■ **Task description**
Print each record below precisely, with every picture left out of the copy.

★ ★ ★ ★ ★

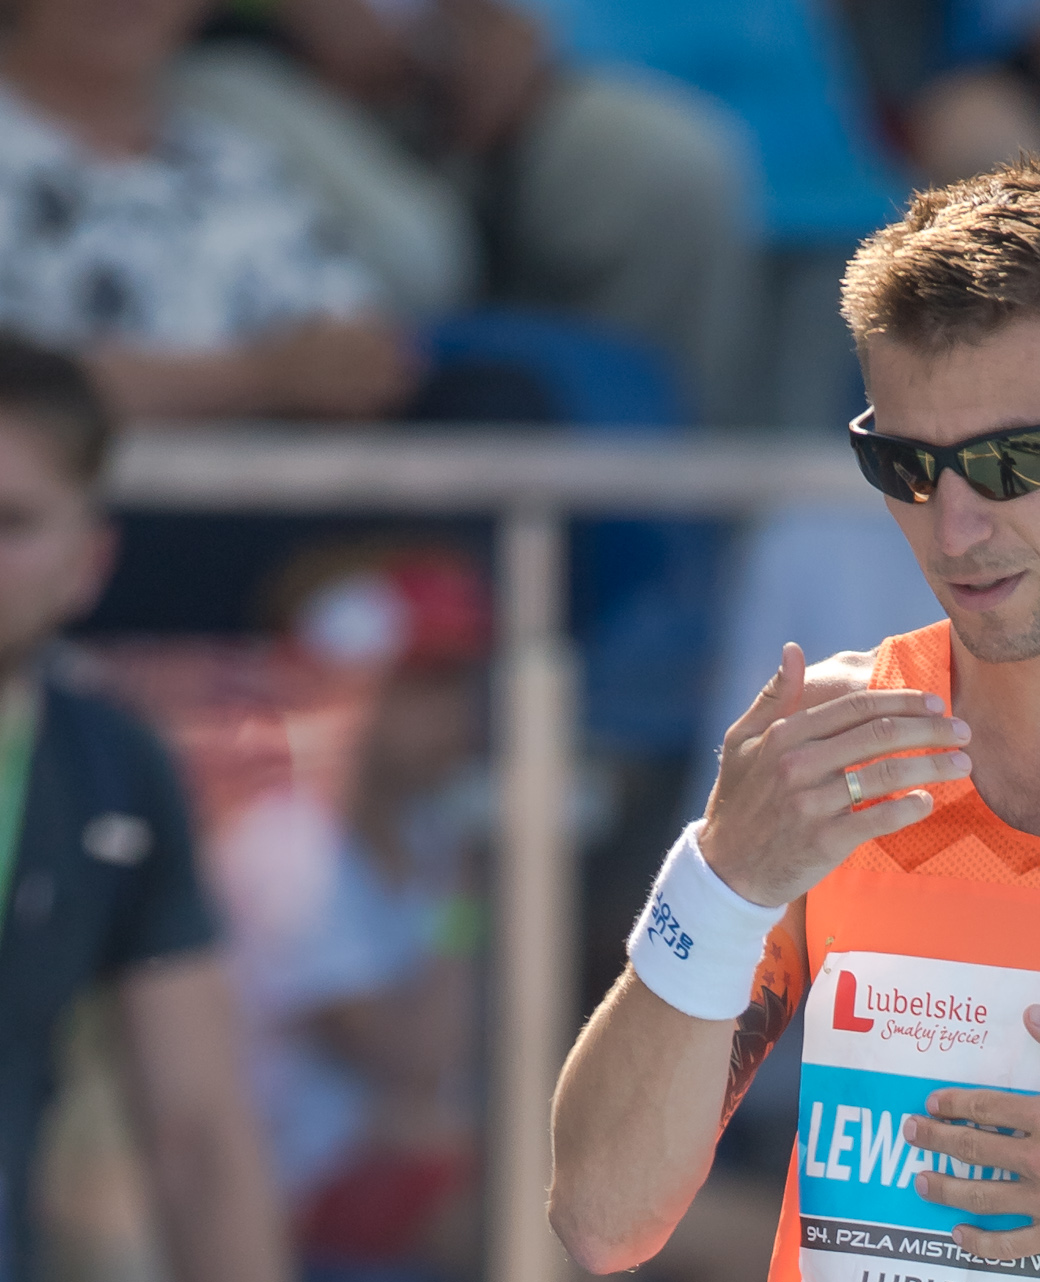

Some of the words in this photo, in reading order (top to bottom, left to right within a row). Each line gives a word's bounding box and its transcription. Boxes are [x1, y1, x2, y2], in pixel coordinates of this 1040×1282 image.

[880, 1019, 940, 1053] Smakuj
[806, 1225, 831, 1245] 94.
[836, 1228, 894, 1252] PZLA
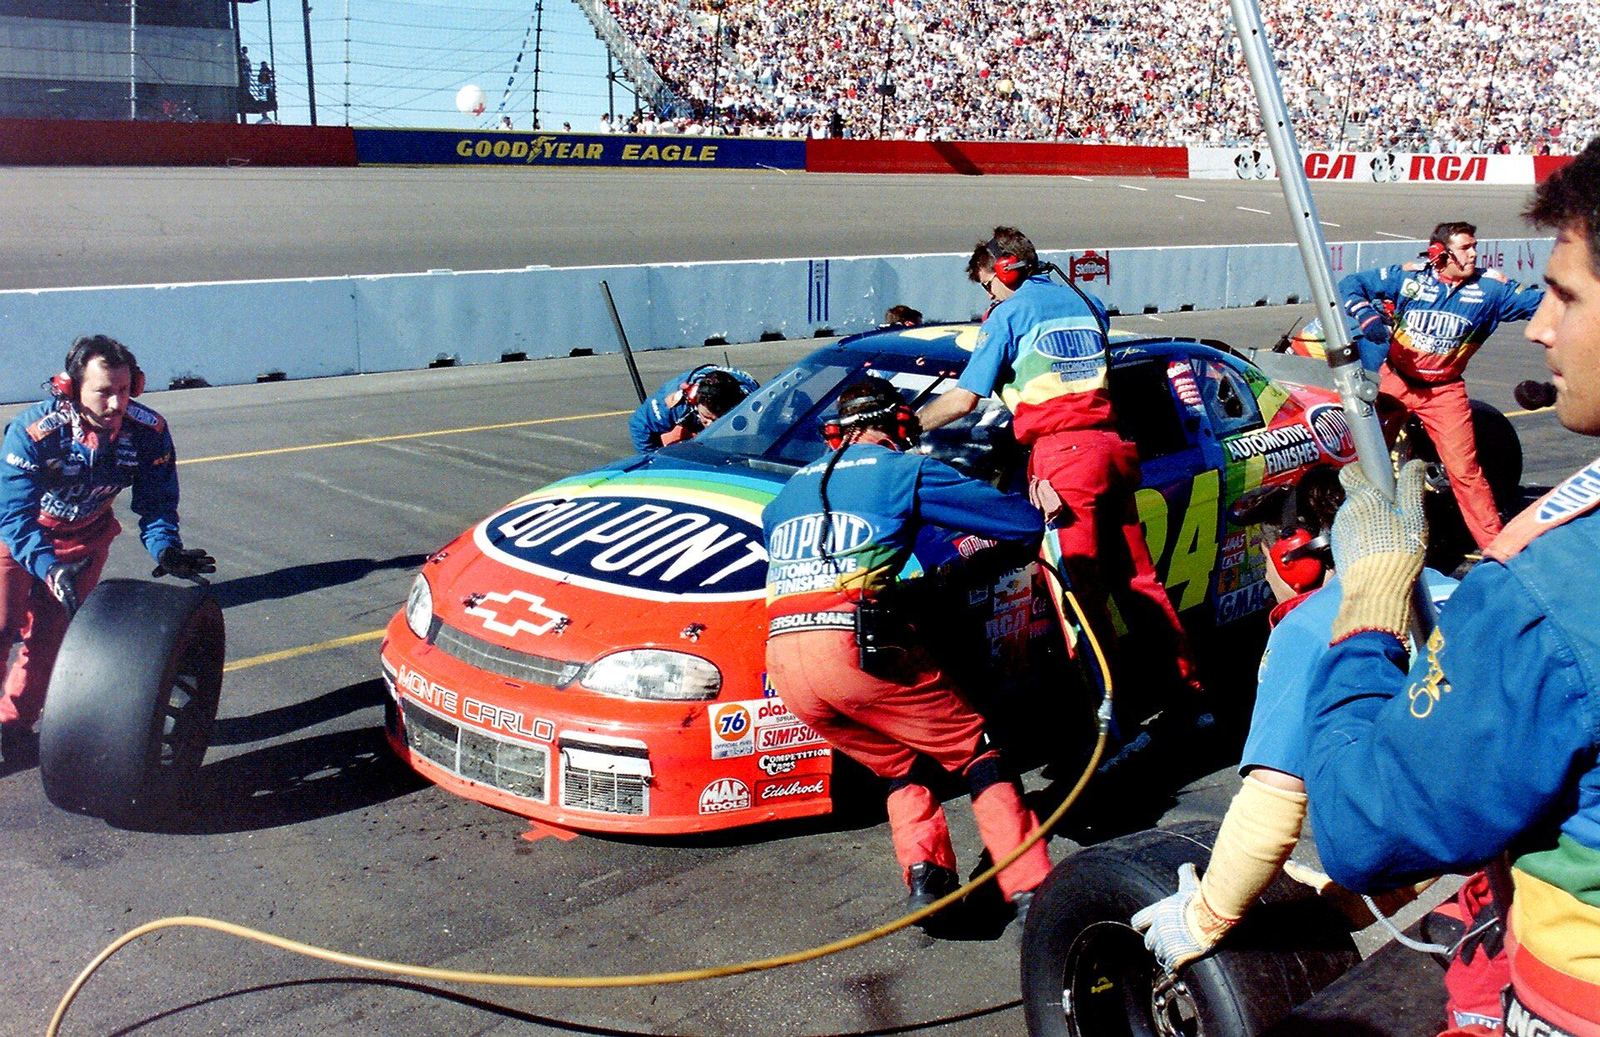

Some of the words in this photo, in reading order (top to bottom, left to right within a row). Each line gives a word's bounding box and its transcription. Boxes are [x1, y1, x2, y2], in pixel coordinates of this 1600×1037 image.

[621, 144, 718, 161] EAGLE
[1275, 152, 1356, 180] CA
[1408, 155, 1488, 182] RCA
[1407, 311, 1427, 332] DU
[1041, 332, 1064, 356] DU
[1226, 424, 1312, 461] AUTOMOTIVE
[1265, 441, 1320, 475] FINISHES
[498, 501, 621, 548] DU
[551, 504, 769, 587] PONT
[771, 518, 799, 561] DU
[775, 573, 837, 596] FINISHES
[397, 664, 458, 714] MONTE
[463, 698, 556, 742] CARLO
[719, 711, 745, 736] 76
[702, 780, 748, 803] MAC
[761, 780, 824, 799] Edelbrock
[701, 799, 748, 812] TOOLS
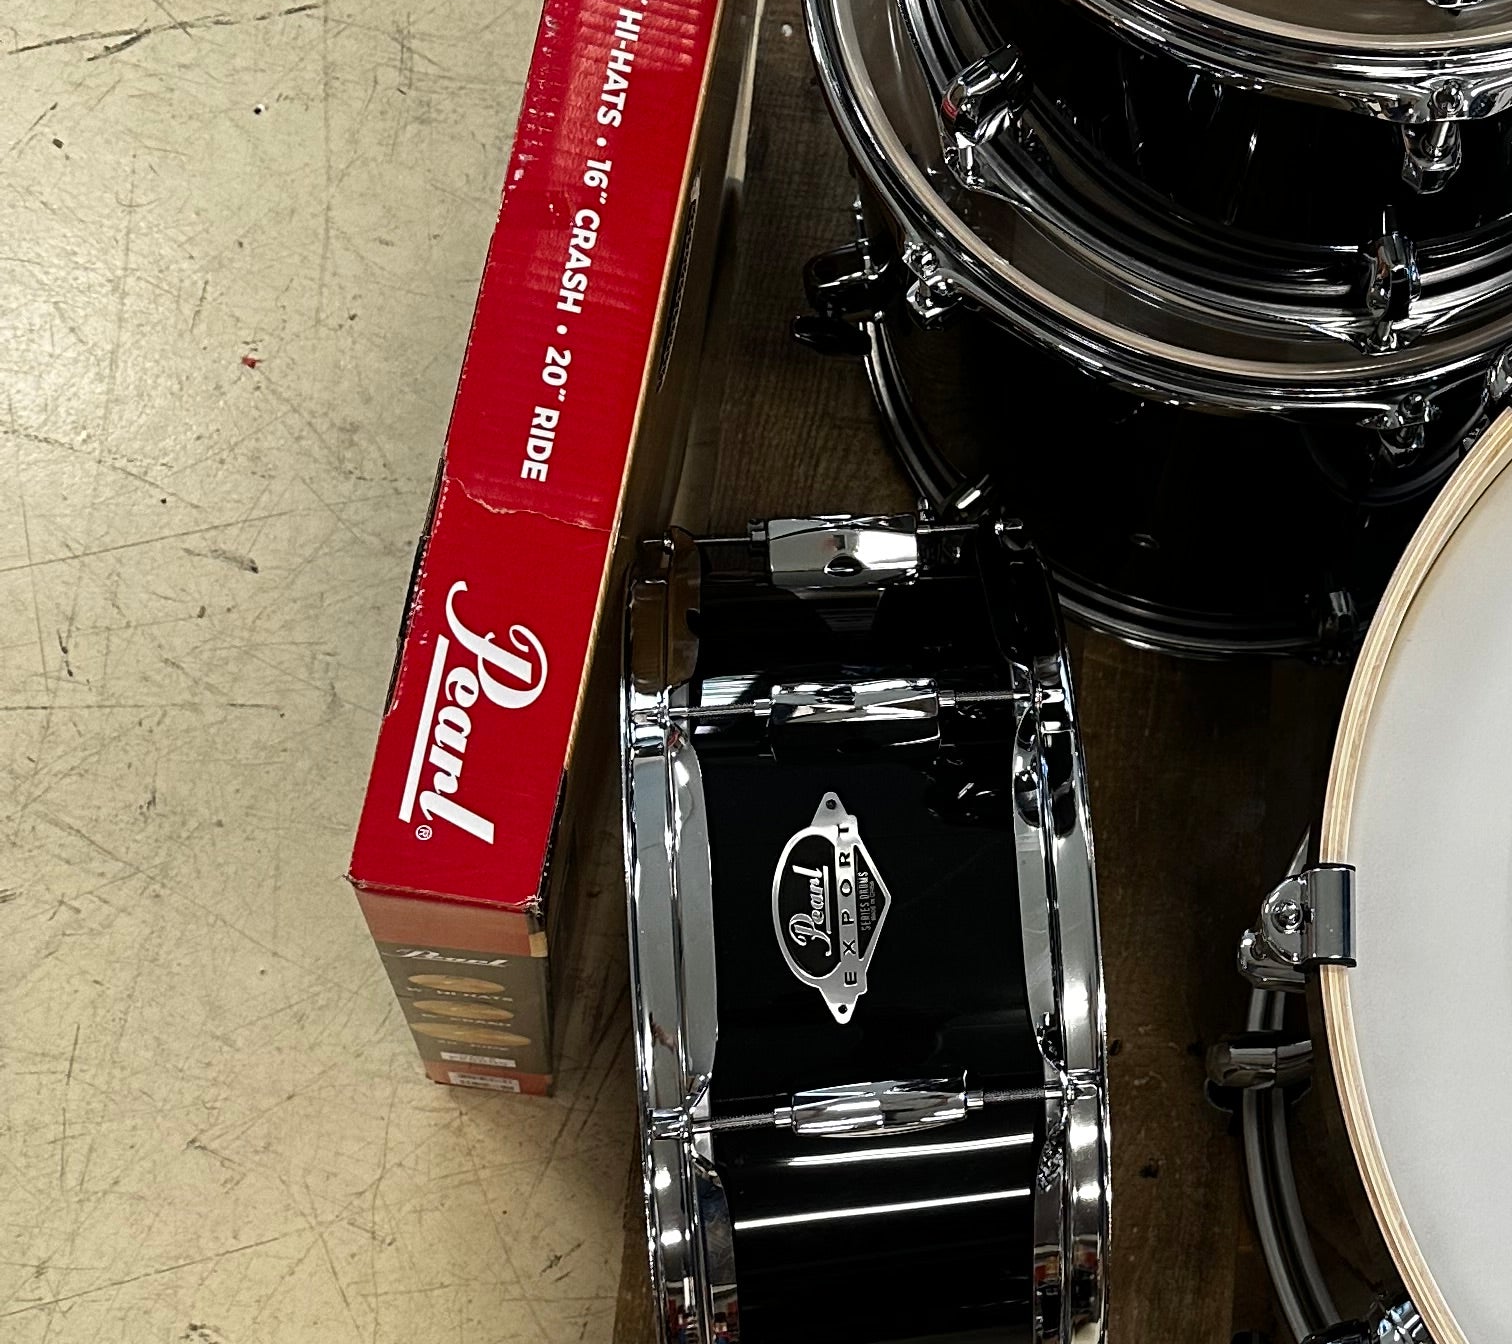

★ ★ ★ ★ ★

■ **Solution to this exercise**
Some of the words in this photo, in reading order (top to bottom, left to right within a row). Each line gives a word's bounding box and its transcription. Boxes are [x1, y1, x2, y2], in pixel coordinates of this 1040×1282 image.

[880, 1019, 940, 1053] Smakuj
[806, 1225, 831, 1245] 94.
[836, 1228, 894, 1252] PZLA

Some of the words in this photo, in reading order (top to bottom, left to right within a row). Each line gives a word's bounding box and its transcription. Boxes are [x1, y1, x2, y2], in pixel coordinates of this 1600×1037 image.

[621, 144, 718, 161] EAGLE
[1275, 152, 1356, 180] CA
[1408, 155, 1488, 182] RCA
[1407, 311, 1427, 332] DU
[1041, 332, 1064, 356] DU
[1226, 424, 1312, 461] AUTOMOTIVE
[1265, 441, 1320, 475] FINISHES
[498, 501, 621, 548] DU
[551, 504, 769, 587] PONT
[771, 518, 799, 561] DU
[775, 573, 837, 596] FINISHES
[397, 664, 458, 714] MONTE
[463, 698, 556, 742] CARLO
[719, 711, 745, 736] 76
[702, 780, 748, 803] MAC
[761, 780, 824, 799] Edelbrock
[701, 799, 748, 812] TOOLS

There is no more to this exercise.